(Records excerpted from a collection)
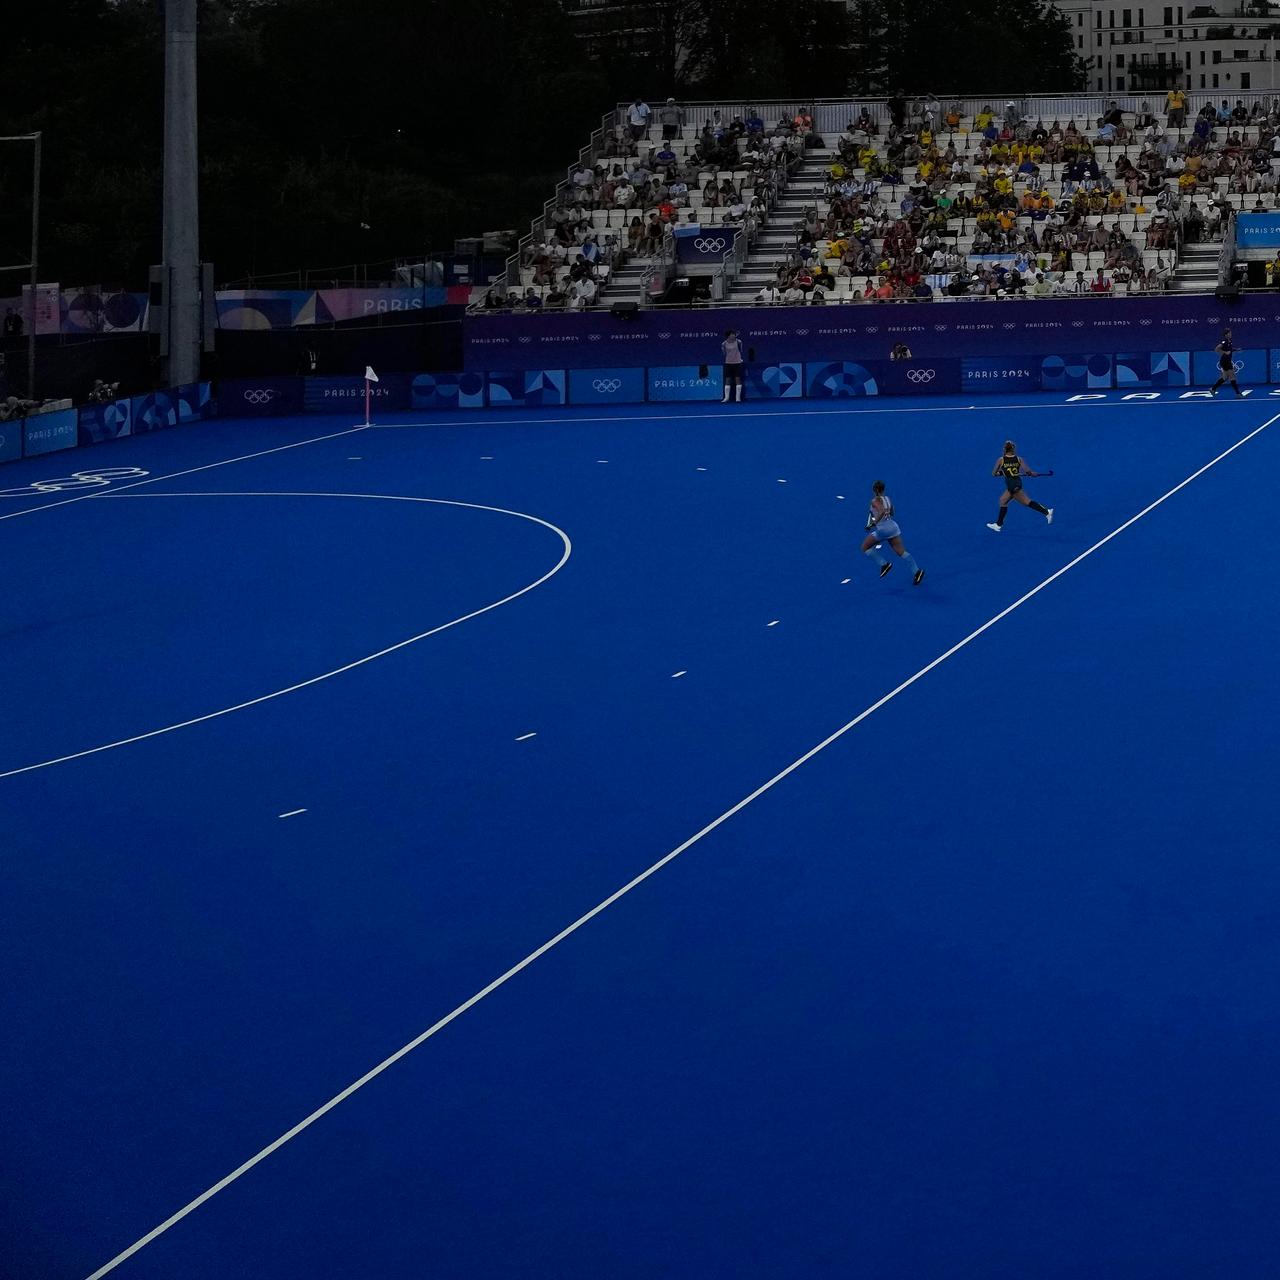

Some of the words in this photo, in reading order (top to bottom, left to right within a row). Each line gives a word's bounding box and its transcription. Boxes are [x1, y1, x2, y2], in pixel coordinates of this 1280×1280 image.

[364, 298, 423, 313] PARIS
[968, 371, 998, 379] PARIS
[1002, 369, 1030, 377] 2024
[654, 379, 686, 388] PARIS
[689, 379, 717, 387] 2024
[324, 389, 356, 397] PARIS
[28, 429, 51, 441] PARIS
[53, 425, 74, 436] 2024
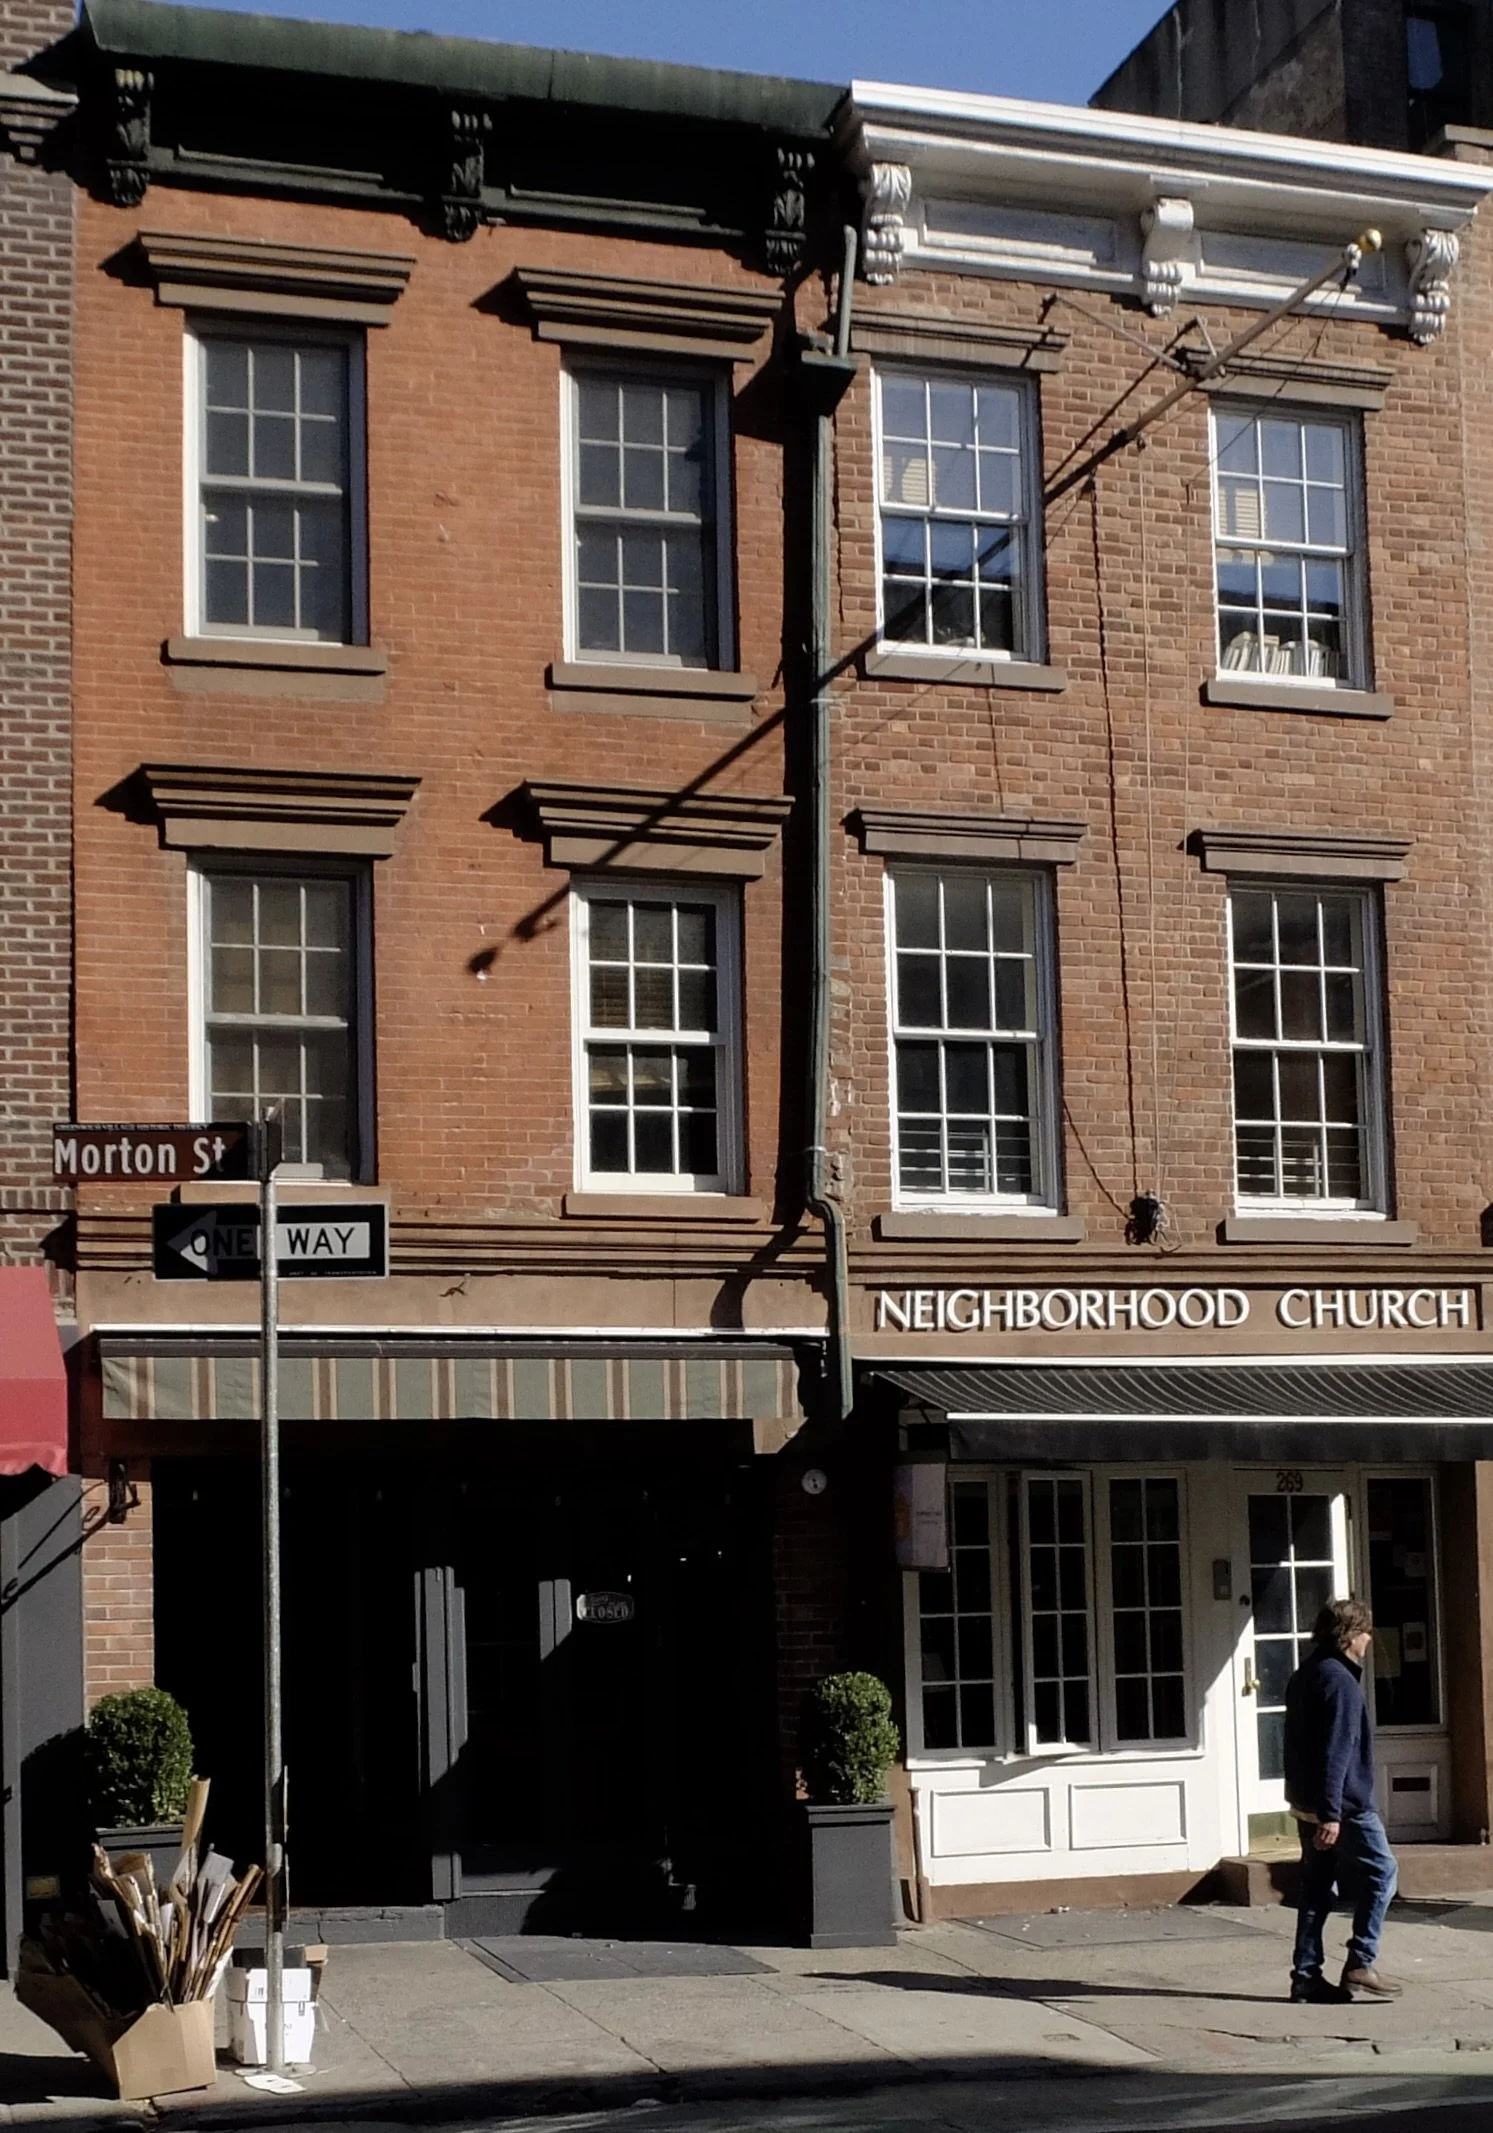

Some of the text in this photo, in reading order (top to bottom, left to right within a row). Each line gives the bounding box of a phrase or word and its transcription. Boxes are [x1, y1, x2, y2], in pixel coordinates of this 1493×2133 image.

[54, 1136, 226, 1174] Morton St
[191, 1227, 355, 1256] ONE WAY
[879, 1288, 1469, 1329] NEIGHBORHOOD CHURCH
[1276, 1471, 1303, 1492] 269

* _Task to carry out_
Find the line that contains "Some of the text". Repeat it and every line after it, exactly as written, up to and including the last line of the records above.

* _Result for this task_
Some of the text in this photo, in reading order (top to bottom, left to right within a row). Each line gives the bounding box of a phrase or word and its transcription. Boxes are [x1, y1, x2, y2], in pixel coordinates of this 1493×2133 image.

[54, 1136, 226, 1174] Morton St
[191, 1227, 355, 1256] ONE WAY
[879, 1288, 1469, 1329] NEIGHBORHOOD CHURCH
[1276, 1471, 1303, 1492] 269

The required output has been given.